=== TASK TO CARRY OUT ===
What you return should match the listing exactly, minus its images.

THE INPUT Block Start

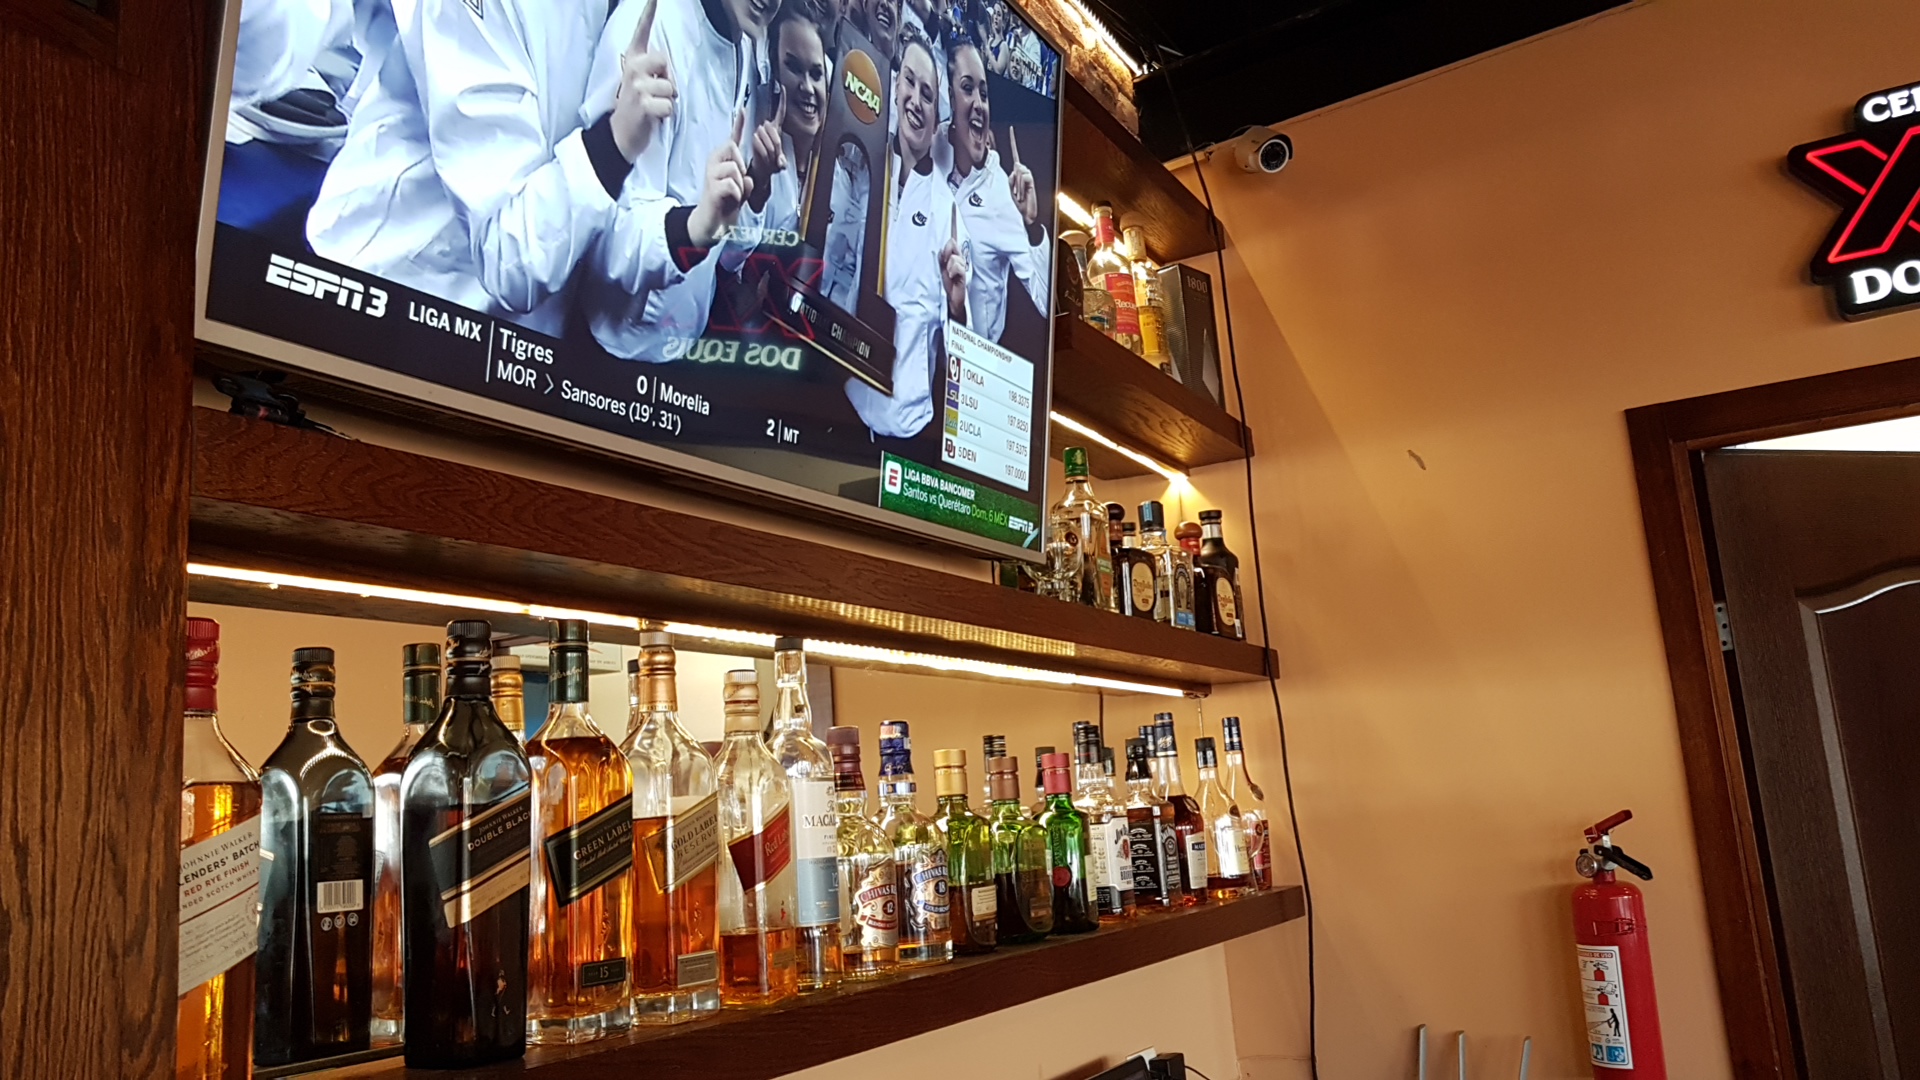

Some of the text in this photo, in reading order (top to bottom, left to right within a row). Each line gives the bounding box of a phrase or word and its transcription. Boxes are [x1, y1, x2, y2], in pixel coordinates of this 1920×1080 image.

[844, 71, 881, 115] NCAA
[1862, 87, 1920, 123] CE
[1186, 275, 1208, 293] 1800
[408, 301, 483, 342] LIGA MX
[499, 328, 554, 365] Tigres
[950, 339, 966, 354] FINAL
[951, 325, 1013, 364] NATIONAL CHAMPIONSHIP
[496, 359, 537, 390] MOR
[561, 380, 627, 416] Sansores
[636, 375, 648, 396] 0
[966, 368, 985, 388] OKLA
[659, 382, 710, 416] Morelia
[960, 393, 979, 411] 3 LSU
[766, 418, 775, 437] 2
[783, 428, 799, 444] MT
[959, 420, 964, 431] 2
[964, 421, 982, 439] UCLA
[958, 446, 977, 463] 5 DEN
[904, 466, 976, 501] LIGA BBVA BANCOMER
[902, 482, 928, 503] Santos
[928, 493, 937, 504] vs
[937, 493, 971, 516] Querétaro
[971, 505, 988, 521] Dom.
[988, 508, 994, 523] 6
[221, 831, 254, 852] WALKER
[467, 824, 504, 852] DOUBLE
[573, 836, 605, 861] GREEN
[606, 820, 633, 842] LABEL
[671, 831, 694, 851] GOLD
[676, 827, 718, 858] RESERVE
[232, 839, 260, 861] BATCH
[183, 860, 250, 898] RED RYE FINISH
[937, 881, 946, 893] 18
[180, 895, 204, 911] NDED
[206, 880, 235, 898] SCOTCH
[860, 885, 890, 902] CHIVAS
[886, 902, 894, 913] 12
[599, 965, 609, 978] 15

THE INPUT Block End

=== REPLY TO THE TASK ===
Some of the text in this photo, in reading order (top to bottom, left to right within a row). Each line gives the bounding box of a phrase or word and its transcription. Boxes are [x1, y1, x2, y2], in pixel coordinates of this 1920×1080 image.

[844, 71, 881, 115] NCAA
[1862, 87, 1920, 123] CE
[1186, 275, 1208, 293] 1800
[408, 301, 483, 342] LIGA MX
[499, 328, 554, 365] Tigres
[950, 339, 966, 354] FINAL
[951, 325, 1013, 364] NATIONAL CHAMPIONSHIP
[496, 359, 537, 390] MOR
[561, 380, 627, 416] Sansores
[636, 375, 648, 396] 0
[966, 368, 985, 388] OKLA
[659, 382, 710, 416] Morelia
[960, 393, 979, 411] 3 LSU
[766, 418, 775, 437] 2
[783, 428, 799, 444] MT
[959, 420, 964, 431] 2
[964, 421, 982, 439] UCLA
[958, 446, 977, 463] 5 DEN
[904, 466, 976, 501] LIGA BBVA BANCOMER
[902, 482, 928, 503] Santos
[928, 493, 937, 504] vs
[937, 493, 971, 516] Querétaro
[971, 505, 988, 521] Dom.
[988, 508, 994, 523] 6
[221, 831, 254, 852] WALKER
[467, 824, 504, 852] DOUBLE
[573, 836, 605, 861] GREEN
[606, 820, 633, 842] LABEL
[671, 831, 694, 851] GOLD
[676, 827, 718, 858] RESERVE
[232, 839, 260, 861] BATCH
[183, 860, 250, 898] RED RYE FINISH
[937, 881, 946, 893] 18
[180, 895, 204, 911] NDED
[206, 880, 235, 898] SCOTCH
[860, 885, 890, 902] CHIVAS
[886, 902, 894, 913] 12
[599, 965, 609, 978] 15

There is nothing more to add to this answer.